(WORK REQUIRED)
Return each record exactly as it appears, so that nothing is dropped or altered.

(LISTED RECORDS)

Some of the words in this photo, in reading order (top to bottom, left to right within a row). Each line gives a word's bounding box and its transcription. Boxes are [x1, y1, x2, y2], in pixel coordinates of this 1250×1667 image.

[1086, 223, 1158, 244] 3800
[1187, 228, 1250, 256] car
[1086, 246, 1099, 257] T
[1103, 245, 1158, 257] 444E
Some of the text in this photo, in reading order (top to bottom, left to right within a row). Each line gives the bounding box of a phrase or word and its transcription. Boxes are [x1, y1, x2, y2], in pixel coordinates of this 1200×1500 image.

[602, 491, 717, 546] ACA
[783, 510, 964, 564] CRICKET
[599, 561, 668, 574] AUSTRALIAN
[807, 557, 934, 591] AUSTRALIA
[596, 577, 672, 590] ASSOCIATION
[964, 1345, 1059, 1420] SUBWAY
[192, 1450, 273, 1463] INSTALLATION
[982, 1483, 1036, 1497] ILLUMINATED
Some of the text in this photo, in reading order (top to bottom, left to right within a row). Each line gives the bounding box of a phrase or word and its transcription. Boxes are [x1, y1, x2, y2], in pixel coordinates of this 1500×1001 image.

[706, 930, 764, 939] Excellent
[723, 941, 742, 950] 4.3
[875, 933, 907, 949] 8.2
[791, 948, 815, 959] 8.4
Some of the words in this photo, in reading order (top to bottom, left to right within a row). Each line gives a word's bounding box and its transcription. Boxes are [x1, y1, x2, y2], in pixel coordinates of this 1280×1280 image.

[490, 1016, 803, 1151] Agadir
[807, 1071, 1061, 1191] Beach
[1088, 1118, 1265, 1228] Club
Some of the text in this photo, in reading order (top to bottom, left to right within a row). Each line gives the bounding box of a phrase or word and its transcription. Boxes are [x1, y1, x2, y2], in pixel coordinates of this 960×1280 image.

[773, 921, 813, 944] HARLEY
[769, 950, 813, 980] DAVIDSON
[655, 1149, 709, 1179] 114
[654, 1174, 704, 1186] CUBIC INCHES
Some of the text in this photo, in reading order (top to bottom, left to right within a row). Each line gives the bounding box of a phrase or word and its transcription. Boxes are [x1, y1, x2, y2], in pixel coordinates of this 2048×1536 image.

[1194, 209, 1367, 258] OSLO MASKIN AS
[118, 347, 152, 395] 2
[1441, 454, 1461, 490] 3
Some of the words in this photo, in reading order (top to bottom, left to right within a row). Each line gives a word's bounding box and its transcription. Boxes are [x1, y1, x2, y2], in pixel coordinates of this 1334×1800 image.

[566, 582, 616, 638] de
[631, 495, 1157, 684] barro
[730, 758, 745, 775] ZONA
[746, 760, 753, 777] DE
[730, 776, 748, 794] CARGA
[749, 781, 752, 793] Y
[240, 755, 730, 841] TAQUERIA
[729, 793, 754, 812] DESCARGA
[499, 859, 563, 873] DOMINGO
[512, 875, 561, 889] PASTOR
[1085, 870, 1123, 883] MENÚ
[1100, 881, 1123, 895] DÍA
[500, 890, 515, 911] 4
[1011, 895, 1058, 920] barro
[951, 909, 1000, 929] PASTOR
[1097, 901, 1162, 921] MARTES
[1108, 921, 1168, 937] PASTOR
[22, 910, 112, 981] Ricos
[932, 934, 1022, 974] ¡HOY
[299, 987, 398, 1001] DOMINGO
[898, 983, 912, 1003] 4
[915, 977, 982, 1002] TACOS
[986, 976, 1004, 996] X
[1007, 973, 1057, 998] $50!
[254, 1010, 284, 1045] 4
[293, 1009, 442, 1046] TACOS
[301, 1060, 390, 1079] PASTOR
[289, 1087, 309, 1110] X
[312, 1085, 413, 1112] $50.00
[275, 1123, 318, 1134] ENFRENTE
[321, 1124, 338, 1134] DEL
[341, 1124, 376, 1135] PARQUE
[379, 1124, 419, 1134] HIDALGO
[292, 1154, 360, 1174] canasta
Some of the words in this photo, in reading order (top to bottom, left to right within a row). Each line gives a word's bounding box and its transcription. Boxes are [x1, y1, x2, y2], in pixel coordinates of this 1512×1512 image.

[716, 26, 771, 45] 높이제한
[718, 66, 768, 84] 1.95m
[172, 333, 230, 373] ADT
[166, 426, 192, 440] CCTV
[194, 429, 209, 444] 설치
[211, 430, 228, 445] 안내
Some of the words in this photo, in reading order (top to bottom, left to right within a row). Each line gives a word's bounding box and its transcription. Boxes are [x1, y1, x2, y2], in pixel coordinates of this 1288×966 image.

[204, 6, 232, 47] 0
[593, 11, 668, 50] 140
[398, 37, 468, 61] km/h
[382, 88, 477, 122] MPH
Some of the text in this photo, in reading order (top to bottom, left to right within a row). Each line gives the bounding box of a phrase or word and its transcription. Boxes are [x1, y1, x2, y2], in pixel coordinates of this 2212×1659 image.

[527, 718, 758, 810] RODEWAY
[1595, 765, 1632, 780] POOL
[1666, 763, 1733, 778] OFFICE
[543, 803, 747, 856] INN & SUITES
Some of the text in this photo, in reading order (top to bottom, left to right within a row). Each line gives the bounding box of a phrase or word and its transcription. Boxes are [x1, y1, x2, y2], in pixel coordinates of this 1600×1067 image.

(EXERCISE RESPONSE)
Some of the words in this photo, in reading order (top to bottom, left to right within a row). Each line gives a word's bounding box and its transcription. Boxes are [x1, y1, x2, y2], in pixel coordinates of this 1250×1667 image.

[1086, 223, 1158, 244] 3800
[1187, 228, 1250, 256] car
[1086, 246, 1099, 257] T
[1103, 245, 1158, 257] 444E
Some of the text in this photo, in reading order (top to bottom, left to right within a row). Each line gives the bounding box of a phrase or word and its transcription. Boxes are [x1, y1, x2, y2], in pixel coordinates of this 1200×1500 image.

[602, 491, 717, 546] ACA
[783, 510, 964, 564] CRICKET
[599, 561, 668, 574] AUSTRALIAN
[807, 557, 934, 591] AUSTRALIA
[596, 577, 672, 590] ASSOCIATION
[964, 1345, 1059, 1420] SUBWAY
[192, 1450, 273, 1463] INSTALLATION
[982, 1483, 1036, 1497] ILLUMINATED
Some of the text in this photo, in reading order (top to bottom, left to right within a row). Each line gives the bounding box of a phrase or word and its transcription. Boxes are [x1, y1, x2, y2], in pixel coordinates of this 1500×1001 image.

[706, 930, 764, 939] Excellent
[723, 941, 742, 950] 4.3
[875, 933, 907, 949] 8.2
[791, 948, 815, 959] 8.4
Some of the words in this photo, in reading order (top to bottom, left to right within a row). Each line gives a word's bounding box and its transcription. Boxes are [x1, y1, x2, y2], in pixel coordinates of this 1280×1280 image.

[490, 1016, 803, 1151] Agadir
[807, 1071, 1061, 1191] Beach
[1088, 1118, 1265, 1228] Club
Some of the text in this photo, in reading order (top to bottom, left to right within a row). Each line gives the bounding box of a phrase or word and its transcription. Boxes are [x1, y1, x2, y2], in pixel coordinates of this 960×1280 image.

[773, 921, 813, 944] HARLEY
[769, 950, 813, 980] DAVIDSON
[655, 1149, 709, 1179] 114
[654, 1174, 704, 1186] CUBIC INCHES
Some of the text in this photo, in reading order (top to bottom, left to right within a row). Each line gives the bounding box of a phrase or word and its transcription. Boxes are [x1, y1, x2, y2], in pixel coordinates of this 2048×1536 image.

[1194, 209, 1367, 258] OSLO MASKIN AS
[118, 347, 152, 395] 2
[1441, 454, 1461, 490] 3
Some of the words in this photo, in reading order (top to bottom, left to right within a row). Each line gives a word's bounding box and its transcription. Boxes are [x1, y1, x2, y2], in pixel coordinates of this 1334×1800 image.

[566, 582, 616, 638] de
[631, 495, 1157, 684] barro
[730, 758, 745, 775] ZONA
[746, 760, 753, 777] DE
[730, 776, 748, 794] CARGA
[749, 781, 752, 793] Y
[240, 755, 730, 841] TAQUERIA
[729, 793, 754, 812] DESCARGA
[499, 859, 563, 873] DOMINGO
[512, 875, 561, 889] PASTOR
[1085, 870, 1123, 883] MENÚ
[1100, 881, 1123, 895] DÍA
[500, 890, 515, 911] 4
[1011, 895, 1058, 920] barro
[951, 909, 1000, 929] PASTOR
[1097, 901, 1162, 921] MARTES
[1108, 921, 1168, 937] PASTOR
[22, 910, 112, 981] Ricos
[932, 934, 1022, 974] ¡HOY
[299, 987, 398, 1001] DOMINGO
[898, 983, 912, 1003] 4
[915, 977, 982, 1002] TACOS
[986, 976, 1004, 996] X
[1007, 973, 1057, 998] $50!
[254, 1010, 284, 1045] 4
[293, 1009, 442, 1046] TACOS
[301, 1060, 390, 1079] PASTOR
[289, 1087, 309, 1110] X
[312, 1085, 413, 1112] $50.00
[275, 1123, 318, 1134] ENFRENTE
[321, 1124, 338, 1134] DEL
[341, 1124, 376, 1135] PARQUE
[379, 1124, 419, 1134] HIDALGO
[292, 1154, 360, 1174] canasta
Some of the words in this photo, in reading order (top to bottom, left to right within a row). Each line gives a word's bounding box and its transcription. Boxes are [x1, y1, x2, y2], in pixel coordinates of this 1512×1512 image.

[716, 26, 771, 45] 높이제한
[718, 66, 768, 84] 1.95m
[172, 333, 230, 373] ADT
[166, 426, 192, 440] CCTV
[194, 429, 209, 444] 설치
[211, 430, 228, 445] 안내
Some of the words in this photo, in reading order (top to bottom, left to right within a row). Each line gives a word's bounding box and its transcription. Boxes are [x1, y1, x2, y2], in pixel coordinates of this 1288×966 image.

[204, 6, 232, 47] 0
[593, 11, 668, 50] 140
[398, 37, 468, 61] km/h
[382, 88, 477, 122] MPH
Some of the text in this photo, in reading order (top to bottom, left to right within a row). Each line gives the bounding box of a phrase or word and its transcription. Boxes are [x1, y1, x2, y2], in pixel coordinates of this 2212×1659 image.

[527, 718, 758, 810] RODEWAY
[1595, 765, 1632, 780] POOL
[1666, 763, 1733, 778] OFFICE
[543, 803, 747, 856] INN & SUITES
Some of the text in this photo, in reading order (top to bottom, left to right within a row). Each line gives the bounding box of a phrase or word and its transcription. Boxes are [x1, y1, x2, y2], in pixel coordinates of this 1600×1067 image.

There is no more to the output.